Gavin stood back and stared for a moment, his gaze flickering from one piece of furniture to the next. The room gave little clues as to the personality of the woman who had slept here. She was neat. She was not terribly vain, for the only mirror he saw was a small oval one in a gilt Italian frame that hung near the doorway to the hall. No books lay open anywhere, despite the extensive library downstairs, so she was not a reader. Her lady's writing desk was neatly closed.
Gavin walked through a doorway on the side wall and stepped into a small rectangular parlor. There was a table with a lamp resting on it against the wall between two windows . . . for gaming perhaps. Two upholstered chairs were arranged near a small fireplace, with a round oak table between them. Several books were stacked neatly on the table, scientific volumes and one small leather-bound book of Shakespeare's sonnets. Gavin ran his finger along the spine of the book. So the lady does read.

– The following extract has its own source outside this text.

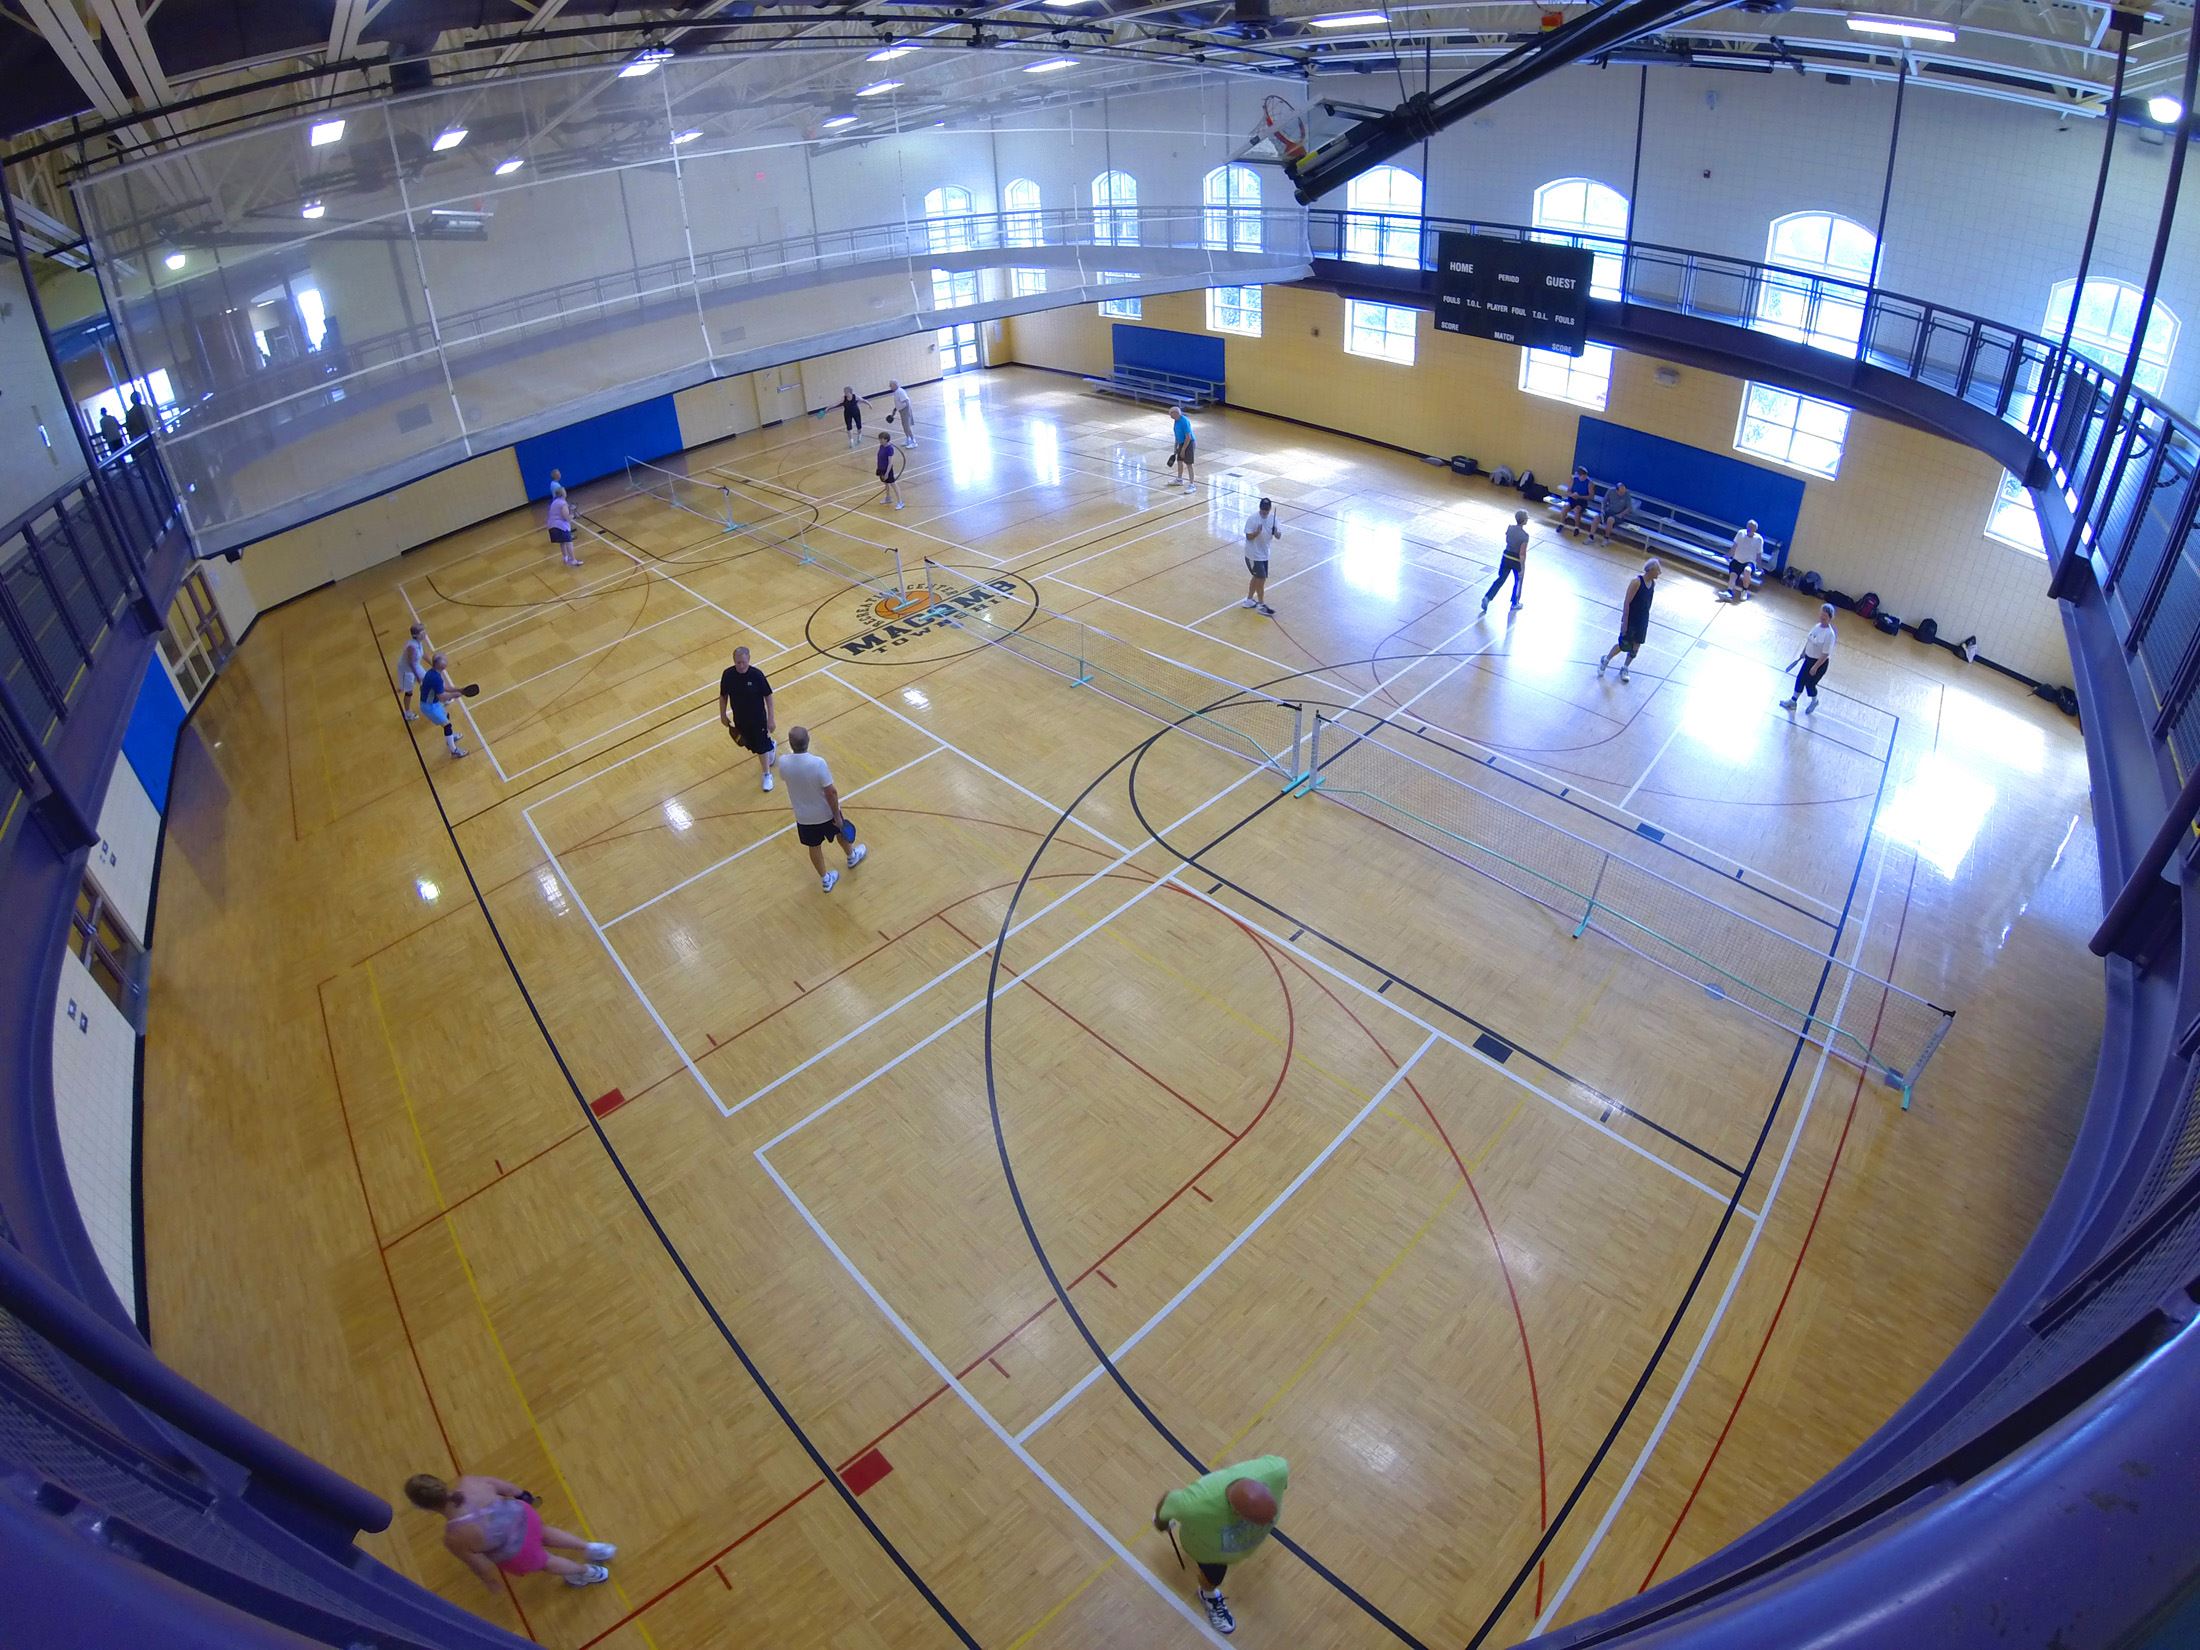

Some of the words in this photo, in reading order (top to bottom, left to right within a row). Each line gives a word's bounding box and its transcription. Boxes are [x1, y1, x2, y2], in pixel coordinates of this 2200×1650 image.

He walked through another door and into the connecting bedchamber. Heavy velvet drapes covered the windows, nearly blocking any sunlight. But even in the semidarkness, Gavin could see that this room was filled with masculine subtleties. There was the dark mahogany paneling, furniture in a heavy florid style, and piles of books everywhere. There were several articles of clothing flung here and there and a man's silk dressing gown left out on the bed.
"So this is where you slept," Gavin murmured thoughtfully. "Not with your young wife, brother?"
Slowly, he turned from where he stood in the center of the room. Then he saw it, the portrait he'd been looking for! There, hanging over the paneled fireplace, was a painting of a young woman.
Gavin ran for the windows and yanked open the drapes, one after the next, allowing the full strength of the afternoon sun to pour in. When he turned to face the portrait again, he was immediately disappointed.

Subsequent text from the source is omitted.